The gratis wine flowed thanks to the Christianity of the Irish embassy, and when it was announced they had sponsored it, cries of miracle! miracle! erupted from the packed, mainly Irish audience.

Eddie is the real minor miracle. I finally met the icon last night - he's now a dapper, wizened man, with over-large spectacles - who bears a slight resemblance to Louis Dudek. His most famous poem was written in the early 70s, "City of Razors" - but he yelled it out last night with the same rebel force as once animated his every move. His real fame stems from having - against immense odds (he was often broke) - put out a vast number of issues of the significant little magazine Aquarius - including ones dedicated to George Barker, W.S. Graham, Canadian and Australian poetry.

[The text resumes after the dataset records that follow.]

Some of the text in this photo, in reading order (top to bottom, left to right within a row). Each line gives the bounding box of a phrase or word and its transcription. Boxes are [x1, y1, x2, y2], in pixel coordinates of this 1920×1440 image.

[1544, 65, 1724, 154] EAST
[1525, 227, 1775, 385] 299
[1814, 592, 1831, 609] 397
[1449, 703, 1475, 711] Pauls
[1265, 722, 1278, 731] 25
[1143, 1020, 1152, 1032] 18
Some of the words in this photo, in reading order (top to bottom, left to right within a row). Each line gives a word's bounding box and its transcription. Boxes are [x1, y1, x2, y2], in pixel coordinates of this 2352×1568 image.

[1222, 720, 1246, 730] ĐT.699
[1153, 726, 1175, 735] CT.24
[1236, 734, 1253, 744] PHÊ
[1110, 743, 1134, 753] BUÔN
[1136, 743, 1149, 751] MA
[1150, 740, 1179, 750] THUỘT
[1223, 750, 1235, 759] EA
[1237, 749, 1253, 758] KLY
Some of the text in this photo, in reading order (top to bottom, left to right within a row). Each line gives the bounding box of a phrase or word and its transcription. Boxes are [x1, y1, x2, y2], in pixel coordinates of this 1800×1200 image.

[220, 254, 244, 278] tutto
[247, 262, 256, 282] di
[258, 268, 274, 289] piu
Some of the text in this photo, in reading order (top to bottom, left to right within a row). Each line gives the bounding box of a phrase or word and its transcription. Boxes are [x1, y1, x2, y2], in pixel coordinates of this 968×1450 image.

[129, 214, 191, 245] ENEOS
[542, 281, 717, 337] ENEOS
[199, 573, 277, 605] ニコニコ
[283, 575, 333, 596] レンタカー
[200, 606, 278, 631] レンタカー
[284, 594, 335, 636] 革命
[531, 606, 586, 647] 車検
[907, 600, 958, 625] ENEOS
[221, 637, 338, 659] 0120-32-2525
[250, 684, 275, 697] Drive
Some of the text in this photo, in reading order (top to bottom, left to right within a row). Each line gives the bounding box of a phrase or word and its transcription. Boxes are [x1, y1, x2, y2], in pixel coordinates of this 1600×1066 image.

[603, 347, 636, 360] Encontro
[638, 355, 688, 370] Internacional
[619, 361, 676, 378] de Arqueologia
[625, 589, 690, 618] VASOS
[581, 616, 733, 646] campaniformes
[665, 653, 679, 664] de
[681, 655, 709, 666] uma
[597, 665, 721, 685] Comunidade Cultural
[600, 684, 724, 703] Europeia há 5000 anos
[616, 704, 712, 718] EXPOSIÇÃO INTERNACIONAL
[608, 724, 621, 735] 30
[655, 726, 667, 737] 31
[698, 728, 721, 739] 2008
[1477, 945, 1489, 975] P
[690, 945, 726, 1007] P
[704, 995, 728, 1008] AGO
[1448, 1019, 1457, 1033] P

Eddie's Own Aquarius features new poems (!) written for Eddie by Paul Muldoon, Seamus Heaney, and many others, so you can get a sense of his cultural impact from that. It's a good looking, if expensive item (£20), but bound to be a collector's treasure some time down the road. It was compiled and edited by Constance Short and Tony Carroll, of Dundalk, who were in London for the occasion. The original idea for the book came from Michael Donaghy, the gifted Irish-American poet who died recently in London.

Friday, 20 January 2006

City of Oranges: Arabs And Jews In Jaffa

I was invited to attend Adam LeBor's launch of his eagerly-awaited new book, City Of Oranges: Arabs And Jews In Jaffa, last evening at Daunt Books in Marylebone, one of the most beautiful shops (with its arcade) in London. The photograph above, by Judy Hamer, shows Jaffa in the near distance.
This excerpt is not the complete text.